A recent influx of interesting posts by ashtanga writers has prompted me to dust off this blog. Cough, cough.
Rachel writes about pain/discomfort/difficulty and how the practice gives us, hopefully, ideally, eventually, the wisdom to react appropriately to it. One of the greatest benefits of having an experienced teacher is that until you have developed that wisdom in your own body, there is someone ready to take you to the places you don’t think your body can go (heels in kapotasana, bound in mari d, whatever it is), but who also knows when to say, ok, that’s enough for today. Take rest. Try again tomorrow. If we’re talking about gratitude (and it’s the week after Thanksgiving, so why not), I am extremely grateful to my teachers who have helped me through that process countless times over the years. Try, fail, try, fail, try, fail, the endless loop towards insanity gets broken a bit when someone steps in and shows you, with a physical adjustment or a different cue, that something is possible. Or, that you need to let go of the result a little bit.
Angela gives us (well, this was a while ago) some pointers on how to wake up for yoga.I think it’s useful to remember that these categories we put ourselves in, “morning people” or “night owls,” are impermanent and heavily influenced by our habitual behaviors. I can say that because I’m a morning person, right? A true “early morning” for me is defined as a 4:30am alarm, because any later than that is just normal. Still, I used to abhor waking up before 10, and I chose classes in college based on whether they started after 11am, after I slept through the alarm and missed my 9am theatre history class way too many times. (Side note: I still have nightmares about that final exam, except it’s usually astronomy, or biology. But I digress.) Point is, if we change the behaviors that lead us to believe we can’t wake up early every day, then we can do it. Not the easiest thing to do, but not exactly rocket science either. Of course, this depends entirely on us wanting to be morning people. If I hadn’t felt something truly amazing was happening when I started going down the Ashtanga Yoga Rabbit Hole, no way would I have considered changing my entire life for the practice.
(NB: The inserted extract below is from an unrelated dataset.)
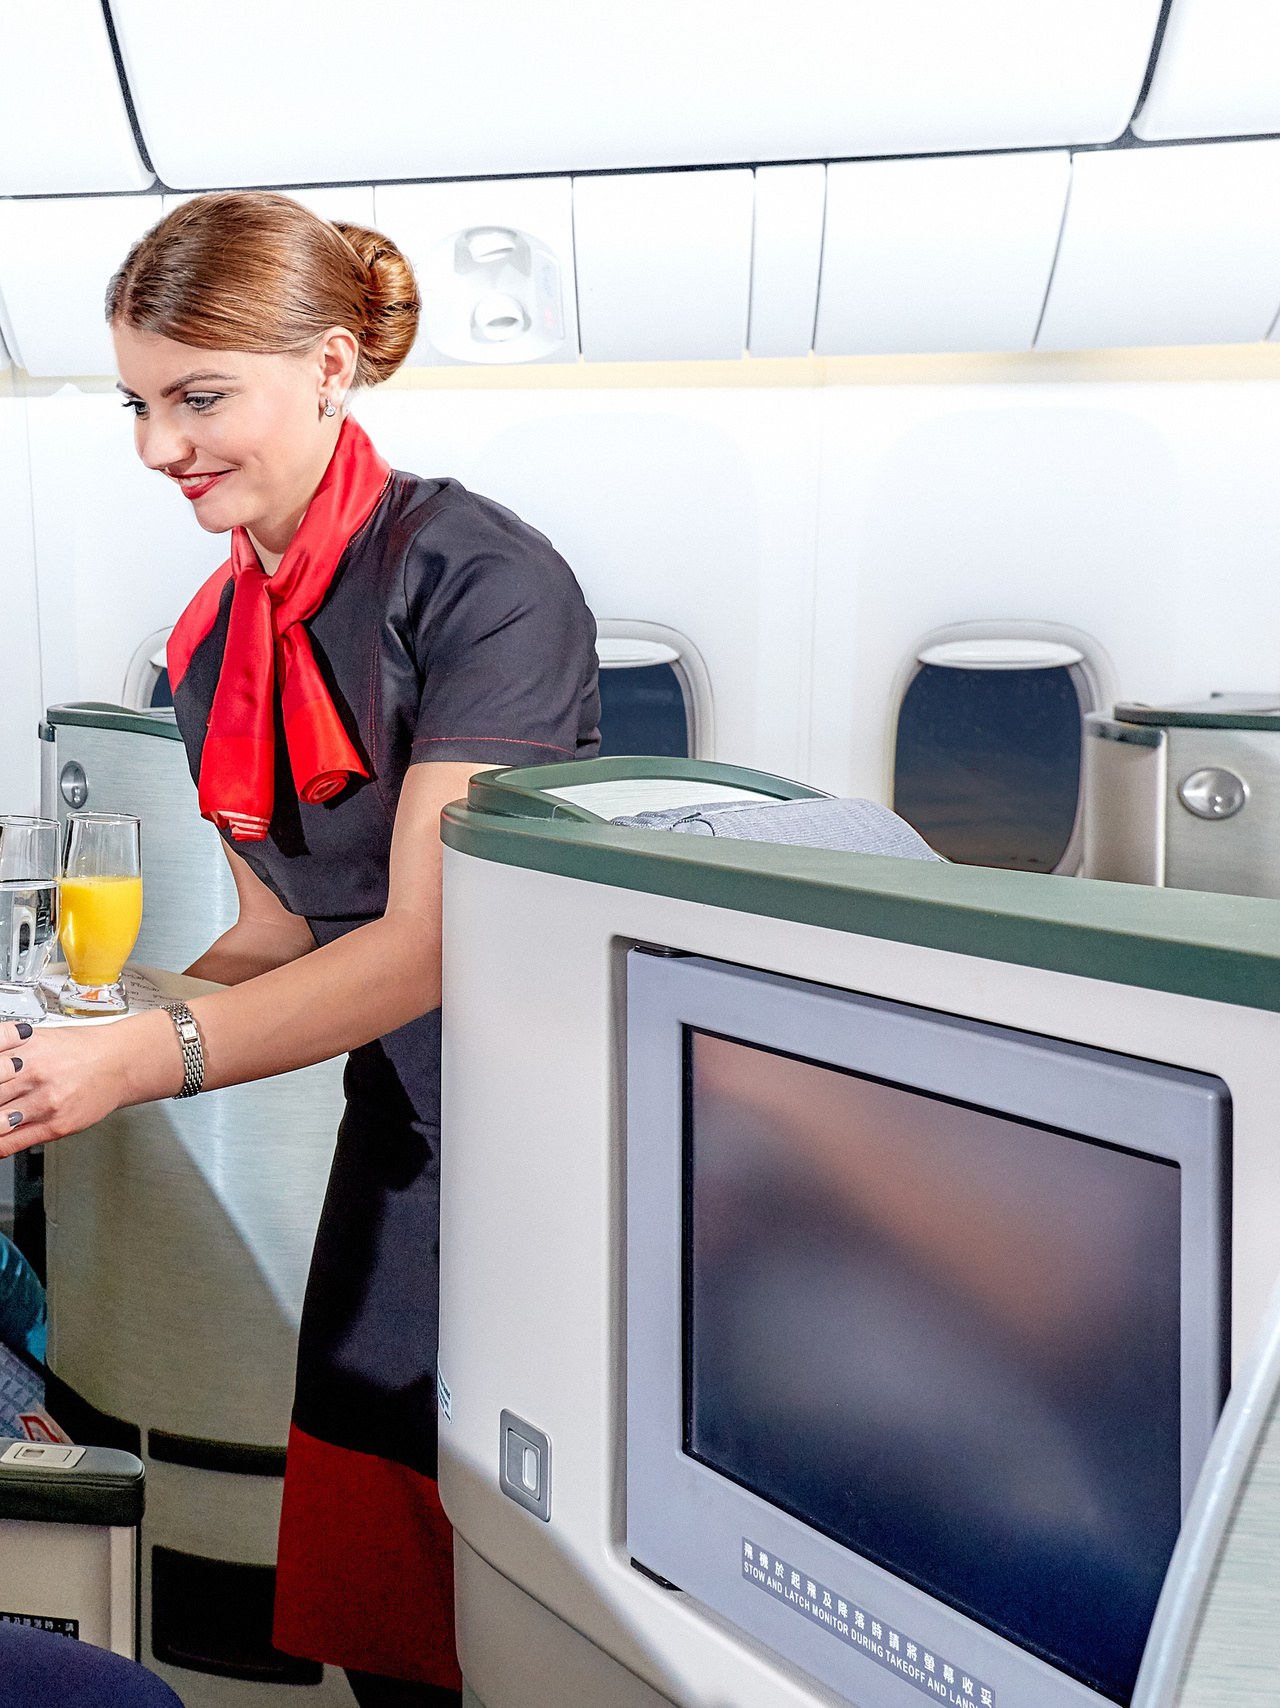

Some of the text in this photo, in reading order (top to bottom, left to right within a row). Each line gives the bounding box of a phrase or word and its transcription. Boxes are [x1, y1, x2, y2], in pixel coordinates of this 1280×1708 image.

[744, 1561, 979, 1708] STOW AND LATCH MONITOR DURING TAKEOFF AND LAND
There would have been no need. So there’s that: you’ve got to want it.
Yet another NYT article on yoga popped up, this time by an ex-Ashtangi who writes that the practice did not deliver the results she was looking for (Her exact words: “What it did not make me was skinny.”), so she went to a (gasp!) personal trainer. Immediately several ashtanga bloggers took her on. Two of my favorites were from Leaping Lanka and The Confluence Countdown.
I am now in possession of a passport with a ten-year Indian visa. One more step, done. Seven weeks to go.
In news unrelated to ashtanga: It is wonderful to live in Minnesota. For many reasons, not the least of which is that I got to spend Thanksgiving with my family without having to travel AT ALL.